Supplied records ▸
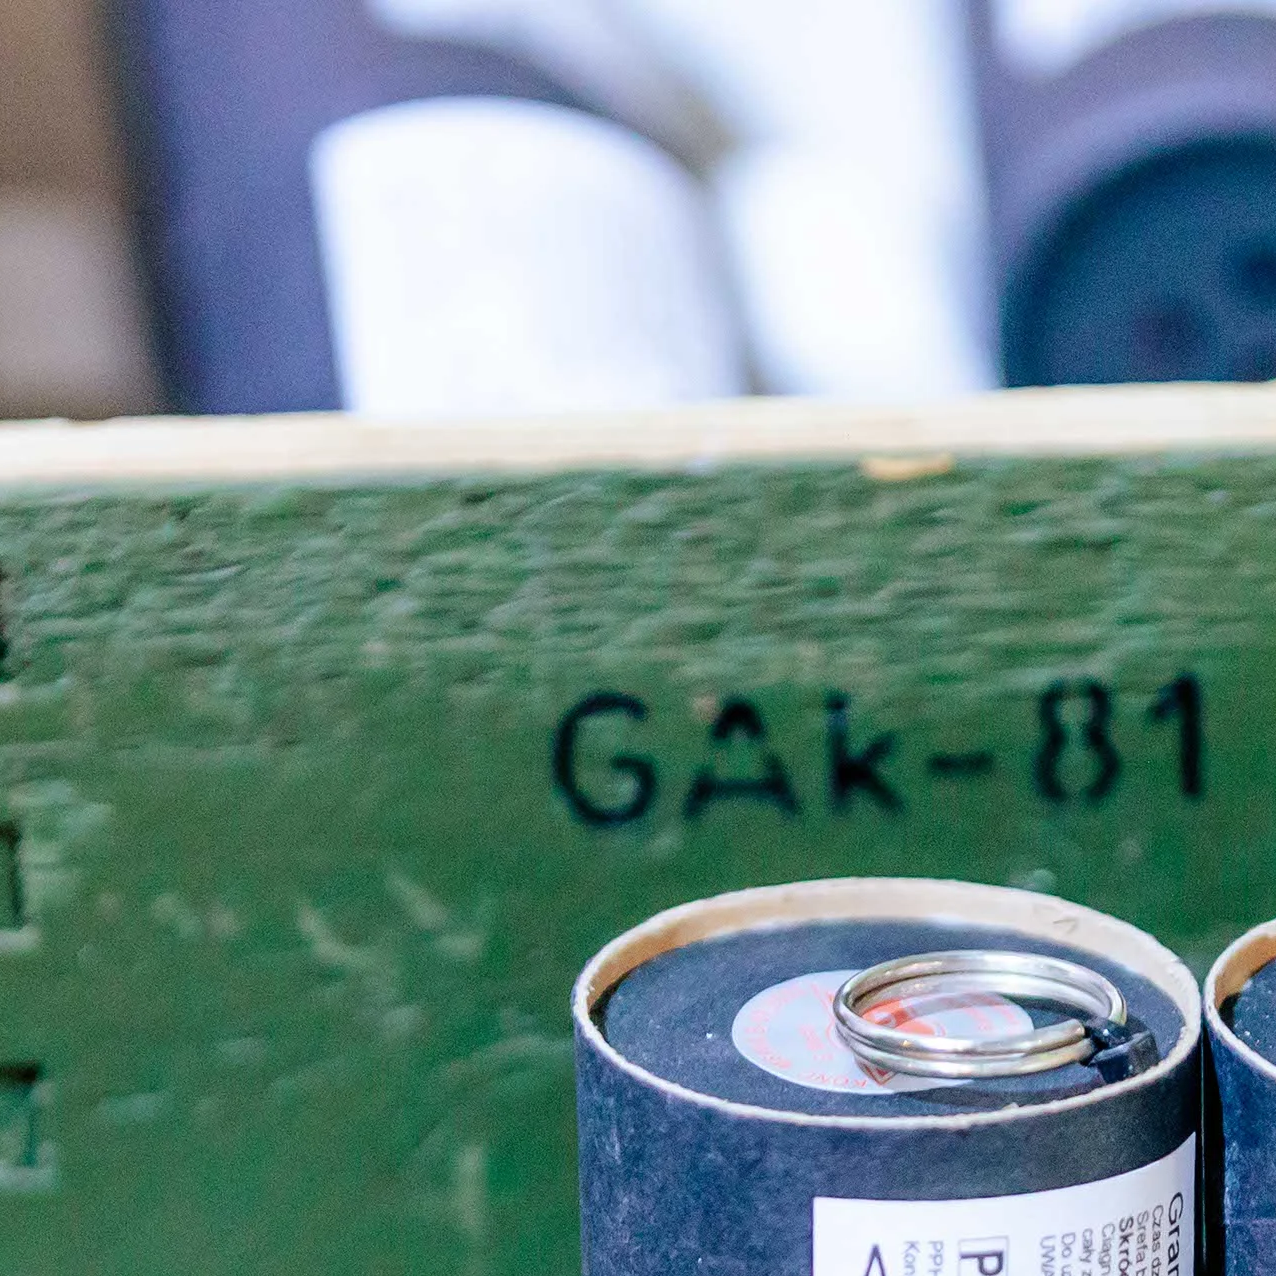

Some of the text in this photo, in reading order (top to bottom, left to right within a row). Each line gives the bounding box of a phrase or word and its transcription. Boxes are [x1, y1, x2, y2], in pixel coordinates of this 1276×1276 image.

[550, 672, 1205, 829] GAk-81
[1061, 1232, 1076, 1257] Do
[1079, 1229, 1095, 1263] cały
[1151, 1205, 1164, 1252] Czas

Exercise ▸ Since the copy must exclude the pictures, transcribe only the text of the records, word for word.

Response to this exercise ▸
Some of the text in this photo, in reading order (top to bottom, left to right within a row). Each line gives the bounding box of a phrase or word and its transcription. Boxes are [x1, y1, x2, y2], in pixel coordinates of this 1276×1276 image.

[550, 672, 1205, 829] GAk-81
[1061, 1232, 1076, 1257] Do
[1079, 1229, 1095, 1263] cały
[1151, 1205, 1164, 1252] Czas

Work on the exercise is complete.